Data for the task -
Start of Block
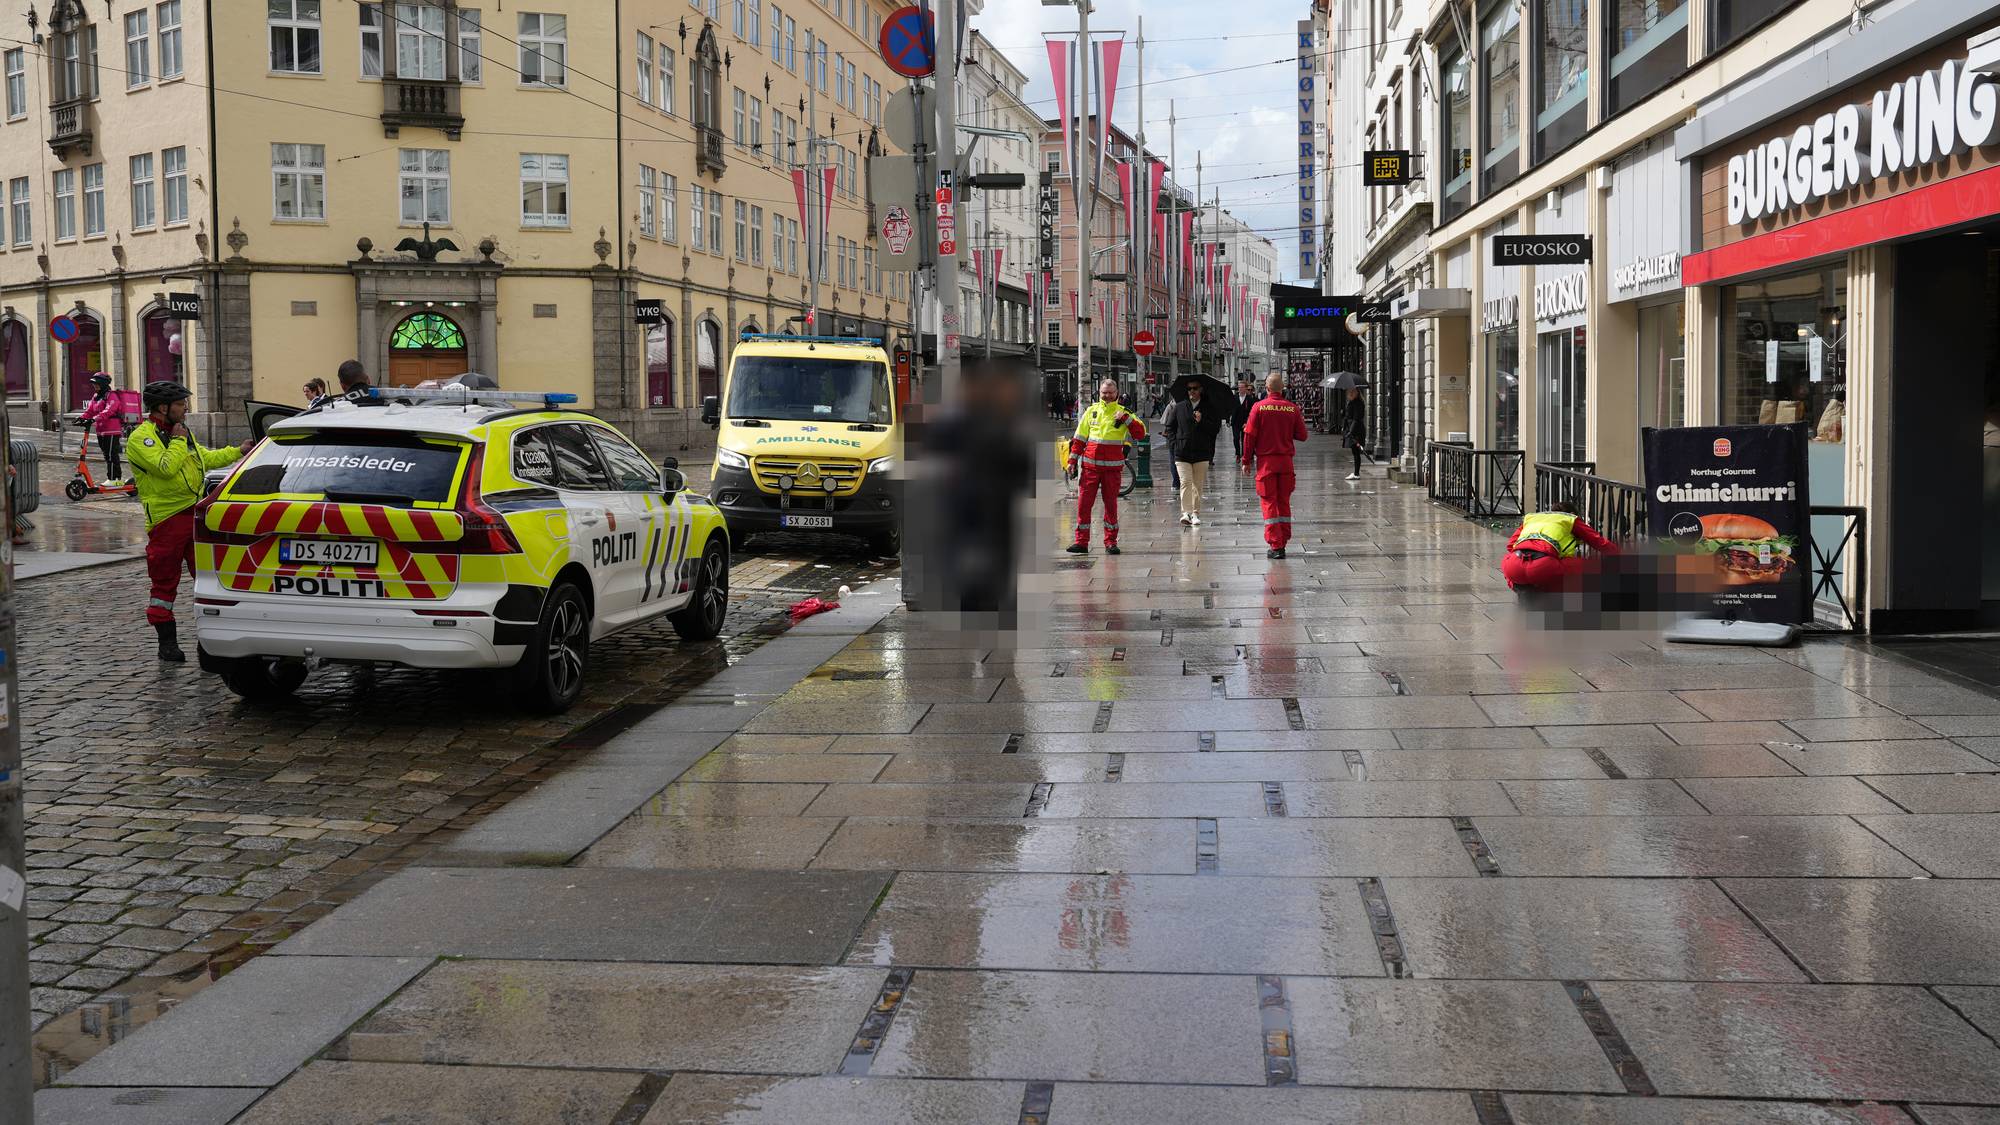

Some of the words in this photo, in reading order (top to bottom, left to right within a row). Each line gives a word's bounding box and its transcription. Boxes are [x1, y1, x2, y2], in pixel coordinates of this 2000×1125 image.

[1728, 104, 1861, 225] BURGER
[1870, 53, 1997, 179] KING
[1299, 32, 1314, 266] KLØVERHUSET
[1041, 186, 1052, 239] HANS
[1503, 242, 1580, 256] EUROSKO
[1640, 251, 1679, 282] GALLERY
[1535, 271, 1587, 320] EUROSKO
[172, 301, 198, 312] LYKO
[637, 307, 660, 316] LYKO
[1297, 307, 1341, 317] APOTEK
[1483, 295, 1514, 331] HAALAND
[1260, 404, 1296, 413] AMBULANSE
[757, 436, 861, 448] AMBULANSE
[282, 455, 416, 473] Innsatsleder
[1690, 468, 1722, 477] Northug
[1722, 468, 1756, 476] Gourmet
[1656, 481, 1796, 502] Chimichurri
[788, 516, 800, 525] SX
[803, 517, 830, 526] 20581
[1673, 524, 1699, 536] Nyhet!
[295, 543, 315, 559] DS
[322, 543, 371, 561] 40271
[592, 531, 637, 568] POLITI
[274, 575, 384, 598] POLITI
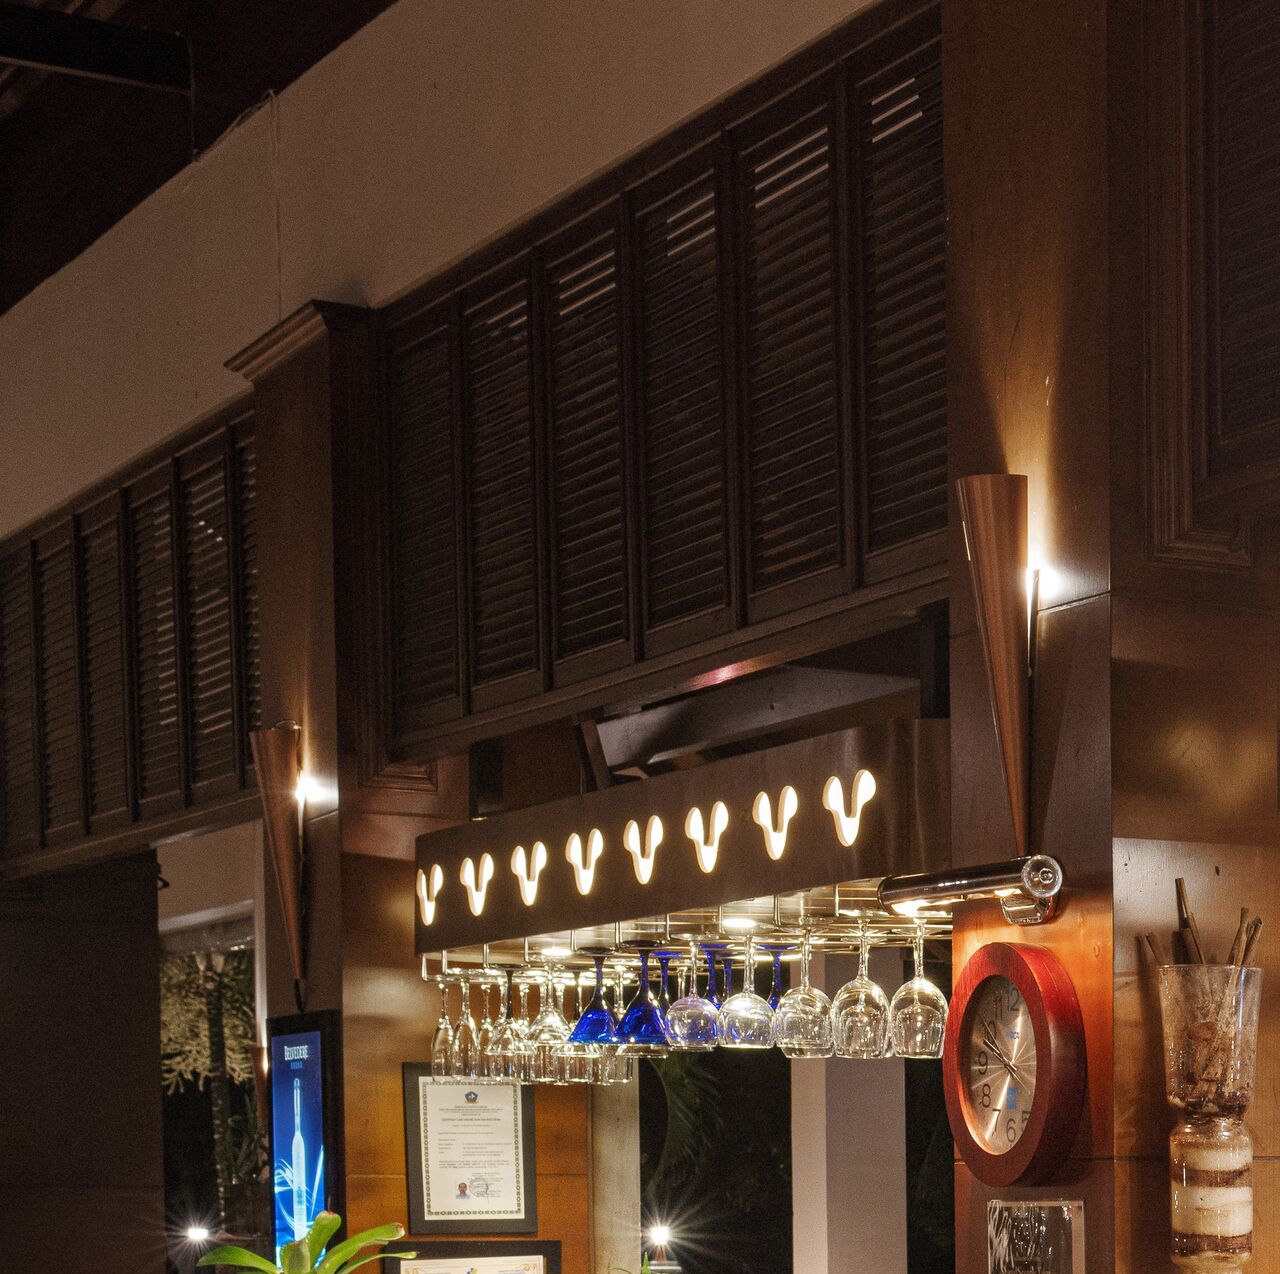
End of Block
Task prompt - Output the listing above in full, exactly. No images.

Exercise solution -
Some of the words in this photo, in reading order (top to bottom, left to right within a row). Each line gives a word's bounding box and its transcription. Boxes are [x1, y1, x2, y2], in pixel coordinates of this 2000×1125 image.

[1728, 104, 1861, 225] BURGER
[1870, 53, 1997, 179] KING
[1299, 32, 1314, 266] KLØVERHUSET
[1041, 186, 1052, 239] HANS
[1503, 242, 1580, 256] EUROSKO
[1640, 251, 1679, 282] GALLERY
[1535, 271, 1587, 320] EUROSKO
[172, 301, 198, 312] LYKO
[637, 307, 660, 316] LYKO
[1297, 307, 1341, 317] APOTEK
[1483, 295, 1514, 331] HAALAND
[1260, 404, 1296, 413] AMBULANSE
[757, 436, 861, 448] AMBULANSE
[282, 455, 416, 473] Innsatsleder
[1690, 468, 1722, 477] Northug
[1722, 468, 1756, 476] Gourmet
[1656, 481, 1796, 502] Chimichurri
[788, 516, 800, 525] SX
[803, 517, 830, 526] 20581
[1673, 524, 1699, 536] Nyhet!
[295, 543, 315, 559] DS
[322, 543, 371, 561] 40271
[592, 531, 637, 568] POLITI
[274, 575, 384, 598] POLITI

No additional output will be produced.